*YOUR GOAL*: Omitting all images, transcribe the entries word for word.

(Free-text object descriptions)
↓
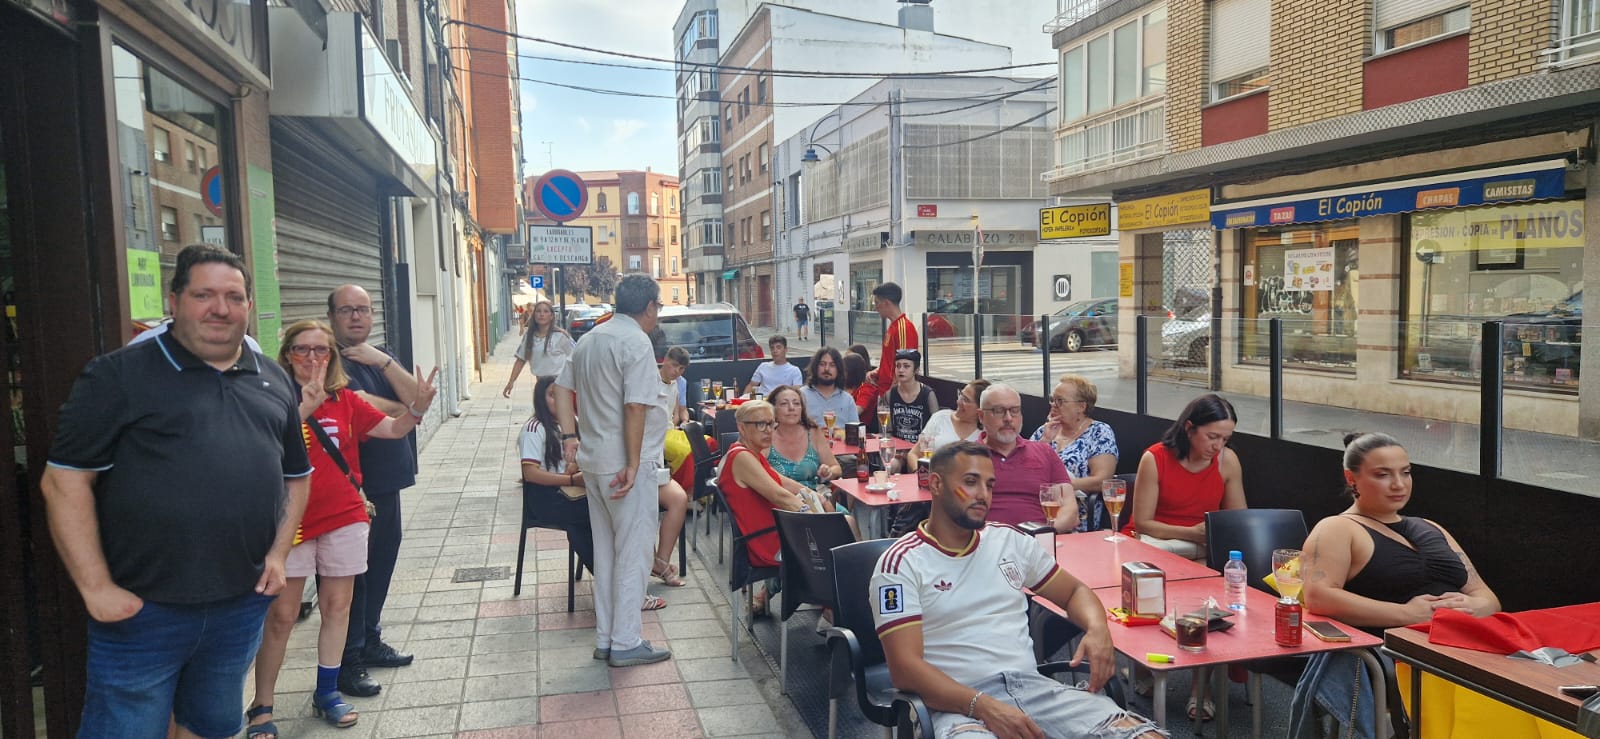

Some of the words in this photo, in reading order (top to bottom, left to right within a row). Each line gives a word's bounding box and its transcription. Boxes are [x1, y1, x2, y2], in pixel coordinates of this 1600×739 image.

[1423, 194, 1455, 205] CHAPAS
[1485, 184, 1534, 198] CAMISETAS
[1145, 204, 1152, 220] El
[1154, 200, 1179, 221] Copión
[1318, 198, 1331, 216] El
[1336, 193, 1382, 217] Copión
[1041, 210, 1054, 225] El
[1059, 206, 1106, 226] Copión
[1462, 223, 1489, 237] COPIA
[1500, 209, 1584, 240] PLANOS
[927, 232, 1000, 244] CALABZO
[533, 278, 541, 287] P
↑
*COMPLETED TASK*:
Some of the words in this photo, in reading order (top to bottom, left to right within a row). Each line gives a word's bounding box and its transcription. Boxes are [x1, y1, x2, y2], in pixel coordinates of this 1600×739 image.

[1423, 194, 1455, 205] CHAPAS
[1485, 184, 1534, 198] CAMISETAS
[1145, 204, 1152, 220] El
[1154, 200, 1179, 221] Copión
[1318, 198, 1331, 216] El
[1336, 193, 1382, 217] Copión
[1041, 210, 1054, 225] El
[1059, 206, 1106, 226] Copión
[1462, 223, 1489, 237] COPIA
[1500, 209, 1584, 240] PLANOS
[927, 232, 1000, 244] CALABZO
[533, 278, 541, 287] P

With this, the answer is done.